#### ASSIGNED TASK
Top to bottom, output the entries that follow exactly.

#### INFORMATION SHOWN
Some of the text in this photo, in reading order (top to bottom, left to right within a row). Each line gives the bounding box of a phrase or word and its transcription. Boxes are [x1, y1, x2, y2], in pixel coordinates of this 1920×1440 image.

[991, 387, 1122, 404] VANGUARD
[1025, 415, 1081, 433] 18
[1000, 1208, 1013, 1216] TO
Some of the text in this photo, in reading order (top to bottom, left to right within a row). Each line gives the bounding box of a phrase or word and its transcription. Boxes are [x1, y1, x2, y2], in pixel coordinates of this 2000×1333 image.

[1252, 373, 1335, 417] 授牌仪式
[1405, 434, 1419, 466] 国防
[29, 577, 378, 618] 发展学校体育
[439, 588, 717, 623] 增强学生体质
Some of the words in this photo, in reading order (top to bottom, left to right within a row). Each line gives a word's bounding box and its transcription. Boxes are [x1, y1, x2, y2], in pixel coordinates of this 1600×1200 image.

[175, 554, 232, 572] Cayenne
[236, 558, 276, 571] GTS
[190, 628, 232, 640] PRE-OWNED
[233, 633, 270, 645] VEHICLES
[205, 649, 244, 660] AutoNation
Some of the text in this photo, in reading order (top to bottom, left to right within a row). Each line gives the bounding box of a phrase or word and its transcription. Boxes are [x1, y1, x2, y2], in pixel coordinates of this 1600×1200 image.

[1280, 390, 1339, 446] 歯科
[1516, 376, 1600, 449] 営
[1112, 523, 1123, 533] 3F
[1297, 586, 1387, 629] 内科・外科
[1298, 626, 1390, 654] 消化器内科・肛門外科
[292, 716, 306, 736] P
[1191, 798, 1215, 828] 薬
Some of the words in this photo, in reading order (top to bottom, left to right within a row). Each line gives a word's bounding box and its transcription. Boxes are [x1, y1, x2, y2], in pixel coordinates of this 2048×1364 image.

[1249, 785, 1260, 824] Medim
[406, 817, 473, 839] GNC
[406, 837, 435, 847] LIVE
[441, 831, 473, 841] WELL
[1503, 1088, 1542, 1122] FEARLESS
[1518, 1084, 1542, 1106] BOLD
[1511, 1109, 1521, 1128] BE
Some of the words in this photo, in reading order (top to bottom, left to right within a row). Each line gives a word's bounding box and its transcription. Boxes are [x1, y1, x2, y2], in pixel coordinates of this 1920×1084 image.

#### EXERCISE RESPONSE
Some of the text in this photo, in reading order (top to bottom, left to right within a row). Each line gives the bounding box of a phrase or word and its transcription. Boxes are [x1, y1, x2, y2], in pixel coordinates of this 1920×1440 image.

[991, 387, 1122, 404] VANGUARD
[1025, 415, 1081, 433] 18
[1000, 1208, 1013, 1216] TO
Some of the text in this photo, in reading order (top to bottom, left to right within a row). Each line gives the bounding box of a phrase or word and its transcription. Boxes are [x1, y1, x2, y2], in pixel coordinates of this 2000×1333 image.

[1252, 373, 1335, 417] 授牌仪式
[1405, 434, 1419, 466] 国防
[29, 577, 378, 618] 发展学校体育
[439, 588, 717, 623] 增强学生体质
Some of the words in this photo, in reading order (top to bottom, left to right within a row). Each line gives a word's bounding box and its transcription. Boxes are [x1, y1, x2, y2], in pixel coordinates of this 1600×1200 image.

[175, 554, 232, 572] Cayenne
[236, 558, 276, 571] GTS
[190, 628, 232, 640] PRE-OWNED
[233, 633, 270, 645] VEHICLES
[205, 649, 244, 660] AutoNation
Some of the text in this photo, in reading order (top to bottom, left to right within a row). Each line gives the bounding box of a phrase or word and its transcription. Boxes are [x1, y1, x2, y2], in pixel coordinates of this 1600×1200 image.

[1280, 390, 1339, 446] 歯科
[1516, 376, 1600, 449] 営
[1112, 523, 1123, 533] 3F
[1297, 586, 1387, 629] 内科・外科
[1298, 626, 1390, 654] 消化器内科・肛門外科
[292, 716, 306, 736] P
[1191, 798, 1215, 828] 薬
Some of the words in this photo, in reading order (top to bottom, left to right within a row). Each line gives a word's bounding box and its transcription. Boxes are [x1, y1, x2, y2], in pixel coordinates of this 2048×1364 image.

[1249, 785, 1260, 824] Medim
[406, 817, 473, 839] GNC
[406, 837, 435, 847] LIVE
[441, 831, 473, 841] WELL
[1503, 1088, 1542, 1122] FEARLESS
[1518, 1084, 1542, 1106] BOLD
[1511, 1109, 1521, 1128] BE
Some of the words in this photo, in reading order (top to bottom, left to right within a row). Each line gives a word's bounding box and its transcription. Boxes are [x1, y1, x2, y2], in pixel coordinates of this 1920×1084 image.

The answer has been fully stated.